Content starts
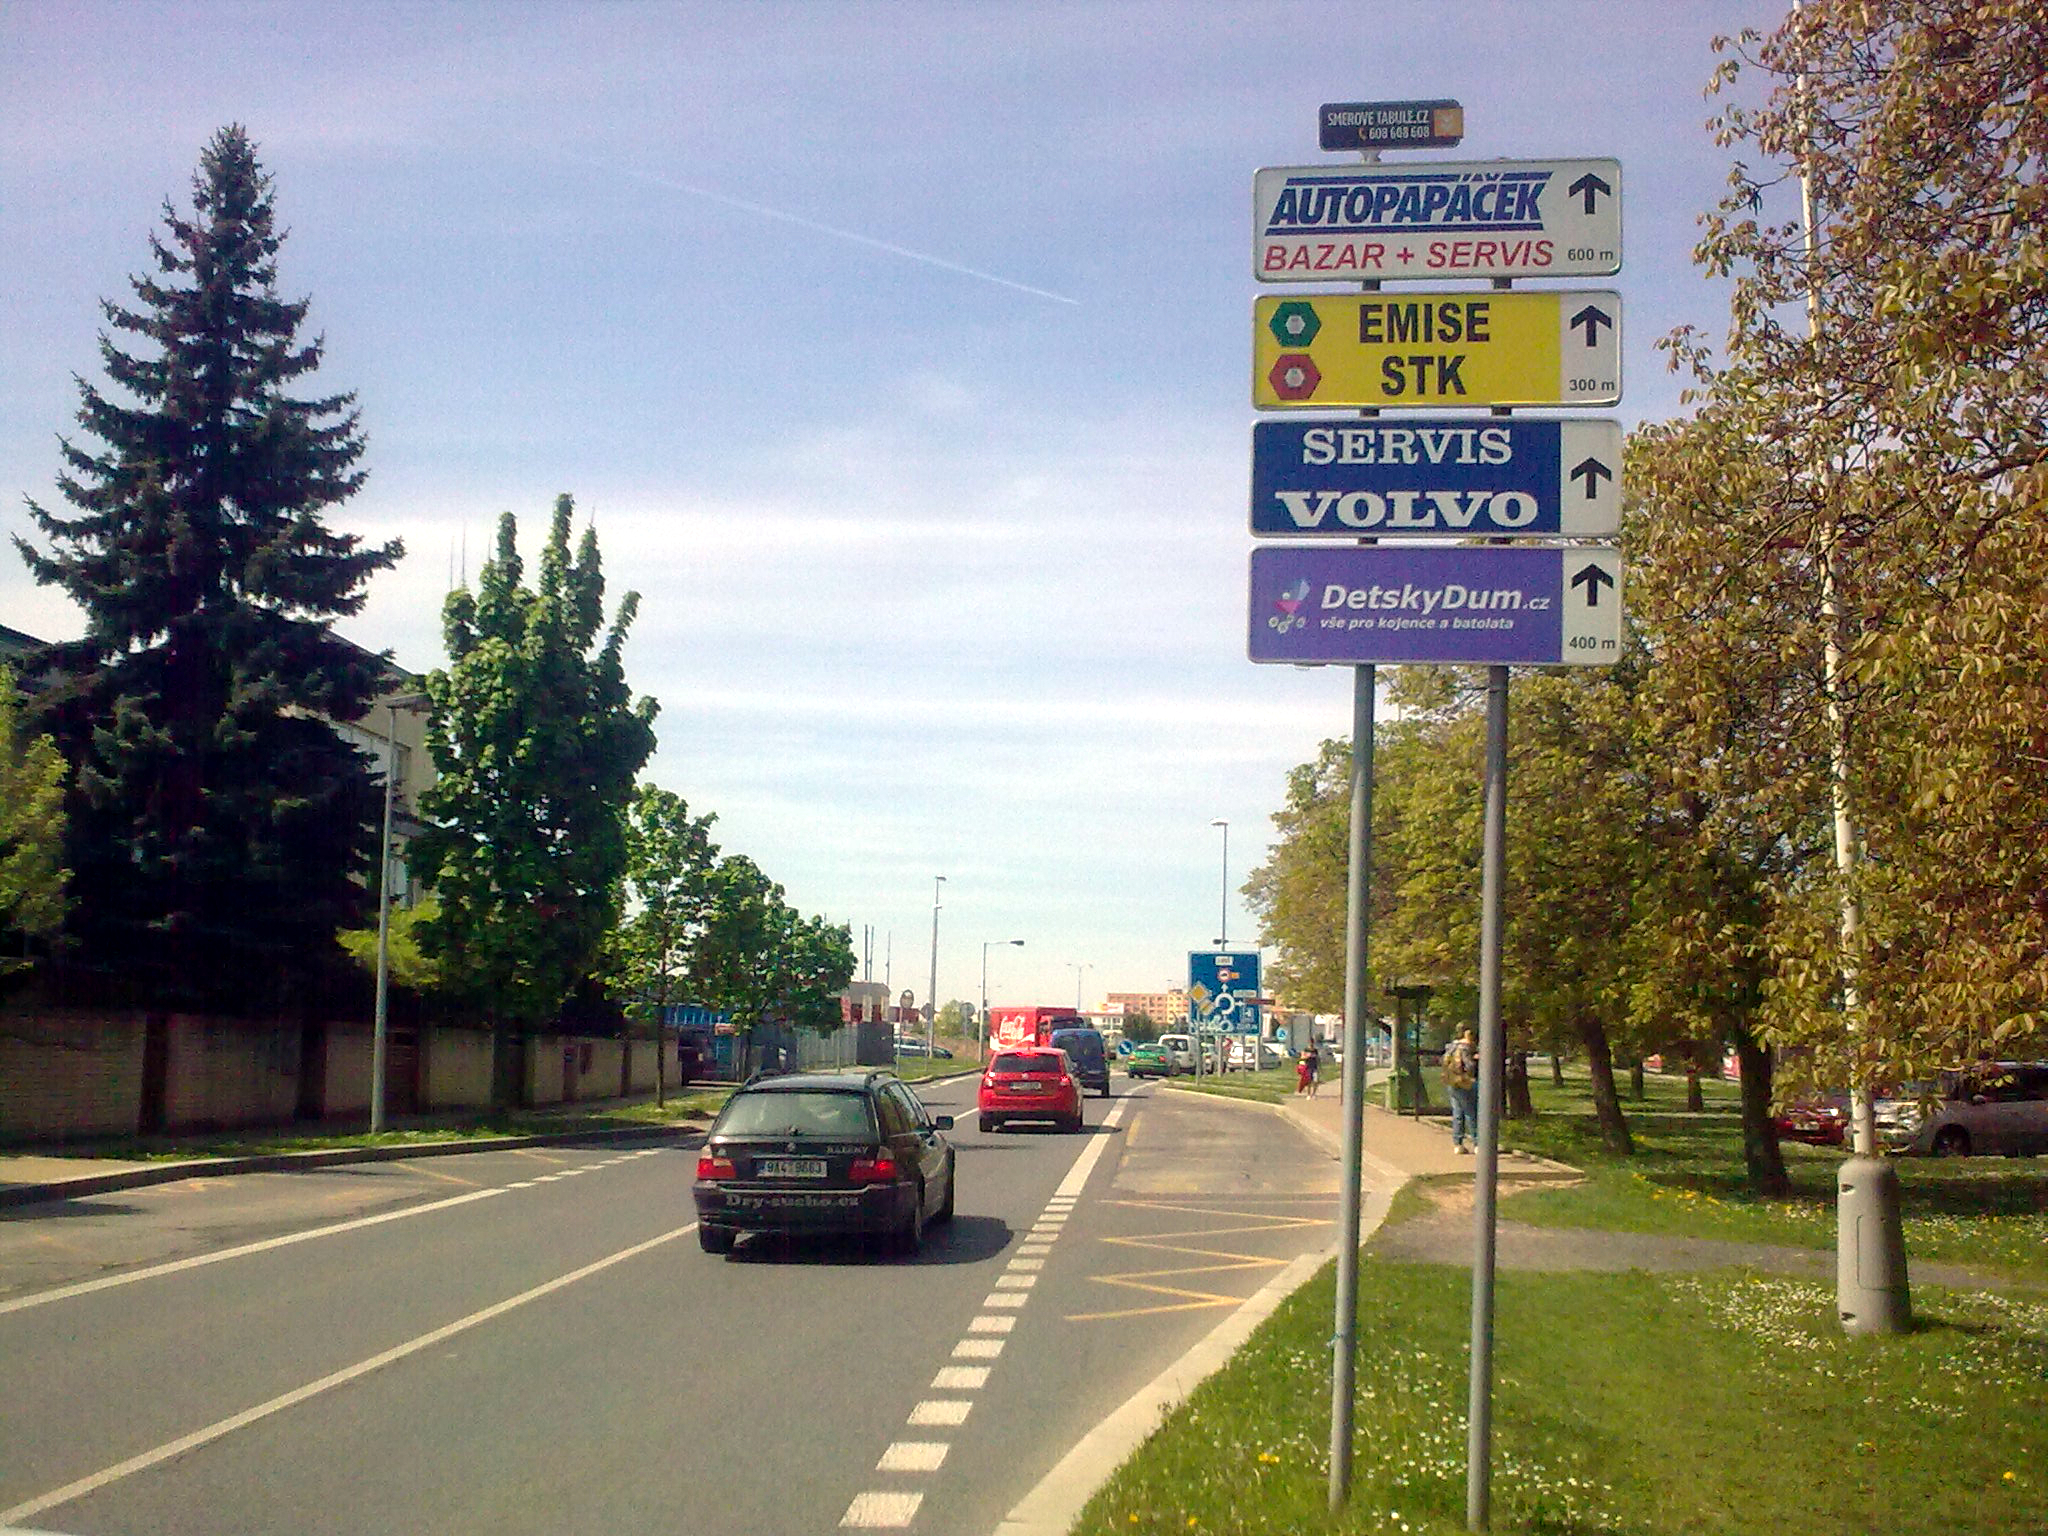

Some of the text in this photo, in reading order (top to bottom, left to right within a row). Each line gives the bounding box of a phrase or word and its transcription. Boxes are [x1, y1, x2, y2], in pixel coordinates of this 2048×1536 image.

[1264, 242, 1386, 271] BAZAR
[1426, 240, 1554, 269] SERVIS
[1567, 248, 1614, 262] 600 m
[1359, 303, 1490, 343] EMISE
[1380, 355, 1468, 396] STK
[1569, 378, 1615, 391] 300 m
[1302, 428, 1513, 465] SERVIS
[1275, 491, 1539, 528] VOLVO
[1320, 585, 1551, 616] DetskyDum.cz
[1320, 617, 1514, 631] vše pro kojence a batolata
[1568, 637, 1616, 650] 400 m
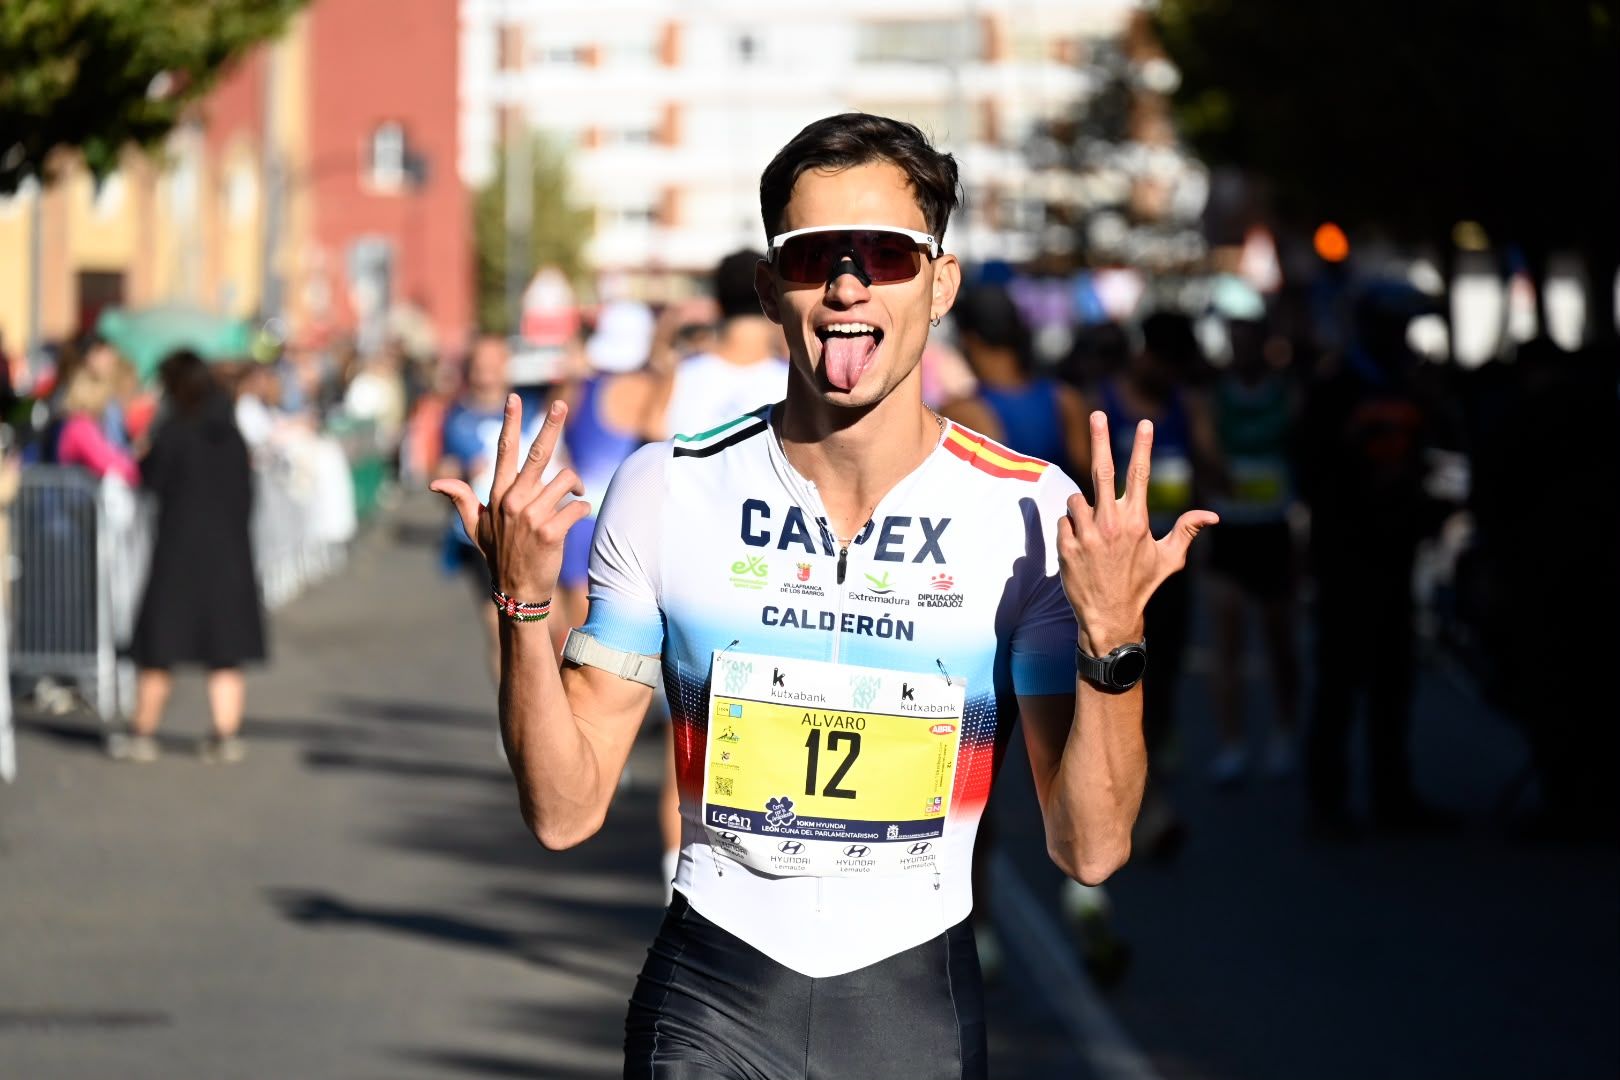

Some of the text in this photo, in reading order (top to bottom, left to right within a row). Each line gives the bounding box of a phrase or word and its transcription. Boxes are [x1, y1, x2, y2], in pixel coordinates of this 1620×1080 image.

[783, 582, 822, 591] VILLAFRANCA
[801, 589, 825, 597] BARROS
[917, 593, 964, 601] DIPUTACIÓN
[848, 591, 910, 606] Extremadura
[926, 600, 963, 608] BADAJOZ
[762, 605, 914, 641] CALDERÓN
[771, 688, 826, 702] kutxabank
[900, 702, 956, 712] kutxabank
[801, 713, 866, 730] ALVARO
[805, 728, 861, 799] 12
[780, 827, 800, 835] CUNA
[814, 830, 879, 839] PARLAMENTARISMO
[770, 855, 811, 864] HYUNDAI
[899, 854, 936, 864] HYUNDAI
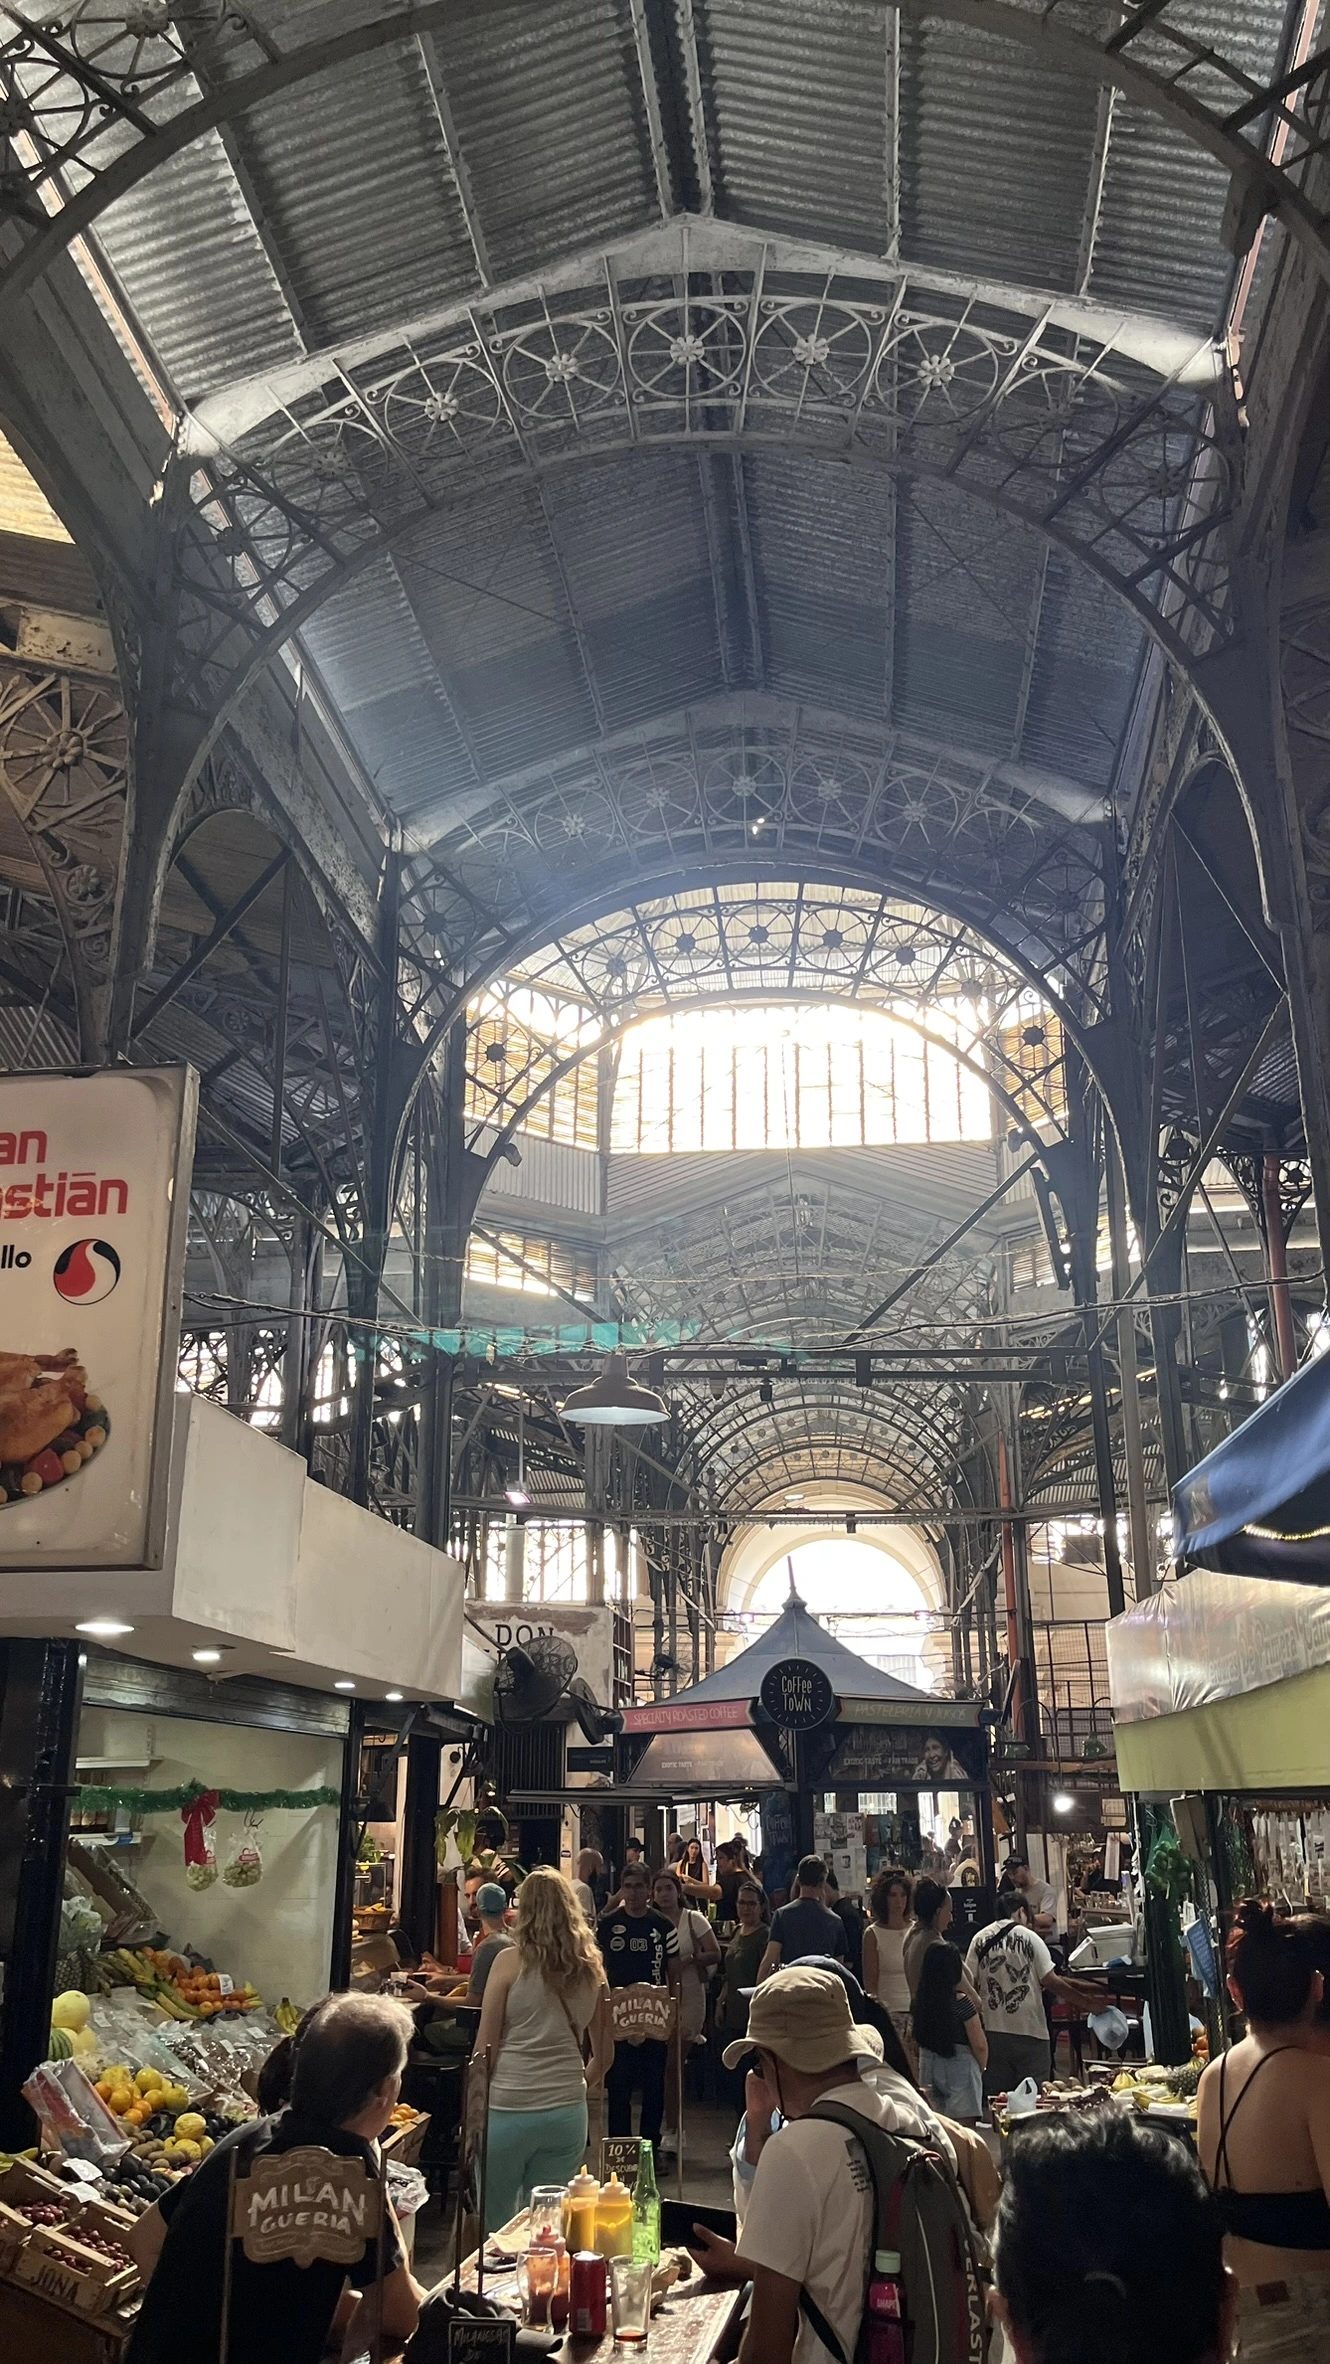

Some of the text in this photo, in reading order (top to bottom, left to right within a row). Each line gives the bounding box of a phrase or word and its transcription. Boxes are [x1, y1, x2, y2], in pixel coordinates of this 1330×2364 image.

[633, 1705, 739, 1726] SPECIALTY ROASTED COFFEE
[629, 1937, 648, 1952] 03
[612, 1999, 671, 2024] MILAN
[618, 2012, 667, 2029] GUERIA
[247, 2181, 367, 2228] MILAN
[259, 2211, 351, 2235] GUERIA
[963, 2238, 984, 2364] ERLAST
Content ends
What needs to be done: In your copy of the records, include no pictures; repeat everything else exactly.

Answer to the problem:
Some of the text in this photo, in reading order (top to bottom, left to right within a row). Each line gives the bounding box of a phrase or word and its transcription. Boxes are [x1, y1, x2, y2], in pixel coordinates of this 2048×1536 image.

[1264, 242, 1386, 271] BAZAR
[1426, 240, 1554, 269] SERVIS
[1567, 248, 1614, 262] 600 m
[1359, 303, 1490, 343] EMISE
[1380, 355, 1468, 396] STK
[1569, 378, 1615, 391] 300 m
[1302, 428, 1513, 465] SERVIS
[1275, 491, 1539, 528] VOLVO
[1320, 585, 1551, 616] DetskyDum.cz
[1320, 617, 1514, 631] vše pro kojence a batolata
[1568, 637, 1616, 650] 400 m

Some of the text in this photo, in reading order (top to bottom, left to right within a row). Each line gives the bounding box of a phrase or word and its transcription. Boxes are [x1, y1, x2, y2], in pixel coordinates of this 1620×1080 image.

[783, 582, 822, 591] VILLAFRANCA
[801, 589, 825, 597] BARROS
[917, 593, 964, 601] DIPUTACIÓN
[848, 591, 910, 606] Extremadura
[926, 600, 963, 608] BADAJOZ
[762, 605, 914, 641] CALDERÓN
[771, 688, 826, 702] kutxabank
[900, 702, 956, 712] kutxabank
[801, 713, 866, 730] ALVARO
[805, 728, 861, 799] 12
[780, 827, 800, 835] CUNA
[814, 830, 879, 839] PARLAMENTARISMO
[770, 855, 811, 864] HYUNDAI
[899, 854, 936, 864] HYUNDAI

Some of the text in this photo, in reading order (top to bottom, left to right within a row). Each line gives the bounding box of a phrase or word and its transcription. Boxes are [x1, y1, x2, y2], in pixel coordinates of this 1330×2364 image.

[633, 1705, 739, 1726] SPECIALTY ROASTED COFFEE
[629, 1937, 648, 1952] 03
[612, 1999, 671, 2024] MILAN
[618, 2012, 667, 2029] GUERIA
[247, 2181, 367, 2228] MILAN
[259, 2211, 351, 2235] GUERIA
[963, 2238, 984, 2364] ERLAST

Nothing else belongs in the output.